I said: boy, you are my Fifth Avenue

Oct 20, 2007 20:48

This is my 1,000th post.

I feel like I should have something profound, or at least interesting, to say, but I don't, not really.

In the course of those 1,000 entries I've:


  • written probably something over 500K words of fanfic;

  • written reviews for every single episode of CSI:NY from S2 onwards (and a couple of scattered ones for S1);

  • written reviews of various other episodes of TV shows and movies;

  • revealed my shallow aesthetically refined side and my general fashion obsession;

  • come up with the Fashion Watch for my episode reviews, something that started as a lark and evolved into a regular feature that's one of my favorite things to write every week;

  • gotten new insights into how I feel about things like narrative structure and stealth character development and character porn and sexuality and subtext (I highly approve of all of them);

  • discovered a few narrative obsessions of my own, like negative space and the fellowsoldiers ethos and water imagery;

  • posted music, sometimes with accompanying fic, and got to share my favorite songs with other people the way they'd shared theirs with me;

  • solicited opinions on important subjects like what kind of underwear Don Flack prefers;

  • had conversations about fandom and all kinds of other topics with lots of different people, and gotten into some amazing, insightful discussions;

  • got to meet other fans and talk to them about our shared interests;

  • made new friends that I never would have met otherwise;

  • found, among those good friends, a couple of people to whom I can talk about almost anything, sometimes for hours at a time, and who are also an amazing support system as my first readers when I'm trying to beat a story into shape;

  • occasionally talked about my personal life, never without trepidation no matter how vague I was being;

  • and just generally found a lot of fun and a lot of joy that I never would have otherwise


I started writing fic in January 2005, because I wasn't writing and I was going out of my mind, and because I thought this might be a way to change that. I never expected that I would write as many words as I have since then, or as many stories, or that I'd end up pushing and challenging myself as much as I have.

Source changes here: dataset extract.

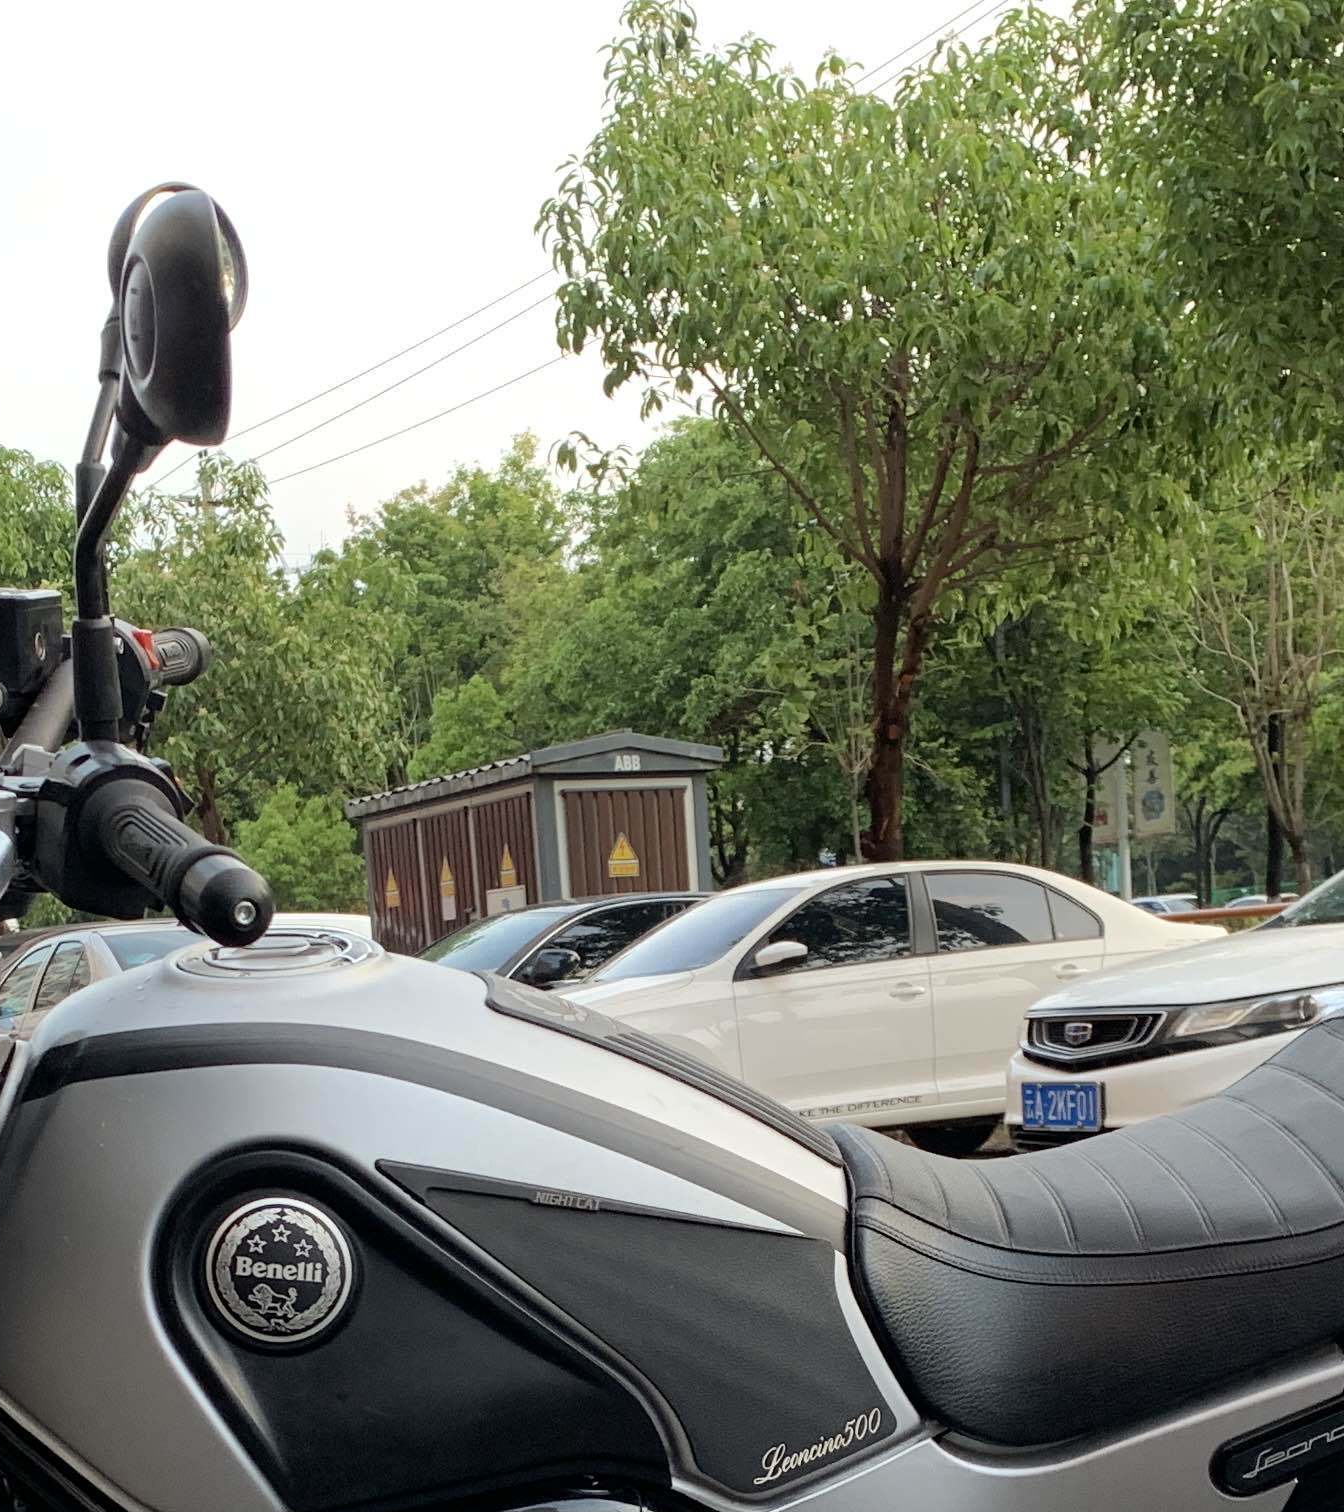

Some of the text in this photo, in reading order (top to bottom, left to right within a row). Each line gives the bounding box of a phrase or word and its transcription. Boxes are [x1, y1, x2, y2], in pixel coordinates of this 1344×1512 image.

The other reason I started writing was because, simply, I wanted to talk to other fans. I craved conversation and discussion, and I hoped maybe I'd find one or two people to talk to.

I really, honestly never expected that many people would respond, even so. I never realized that I'd find quite so many people to talk to, or that people would be willing to read what I write and talk to me. I don't quite believe it even now. It's...it's a gift, it really is, and I'm grateful for it every day. I'm grateful for all the people I've met and all the words I've written and this show I still love so much that has guided me to all of that.

I don't look at my info page too frequently, but I did tonight (and earlier this week, which is when I realized I was coming up on 1,000 posts). There are a lot of people here, and a lot of history now. It's pretty damned amazing. I just...I don't know. I never think that I do anything very special, or unusual. I write fic. I write overly analytical reviews of crime shows. And I think I must be doing something good, because here I still am, and here all you are, and I feel guilty for even pointing that out, like I'm overstepping myself by saying any of that.

To everyone who I talk to and who posts, ever: thank you. Thank you for all the conversation and good times.

To everyone who reads here, but has never said anything: say hi sometime, if you like. I'd enjoy it.

I'm really looking forward to my next 1,000 posts.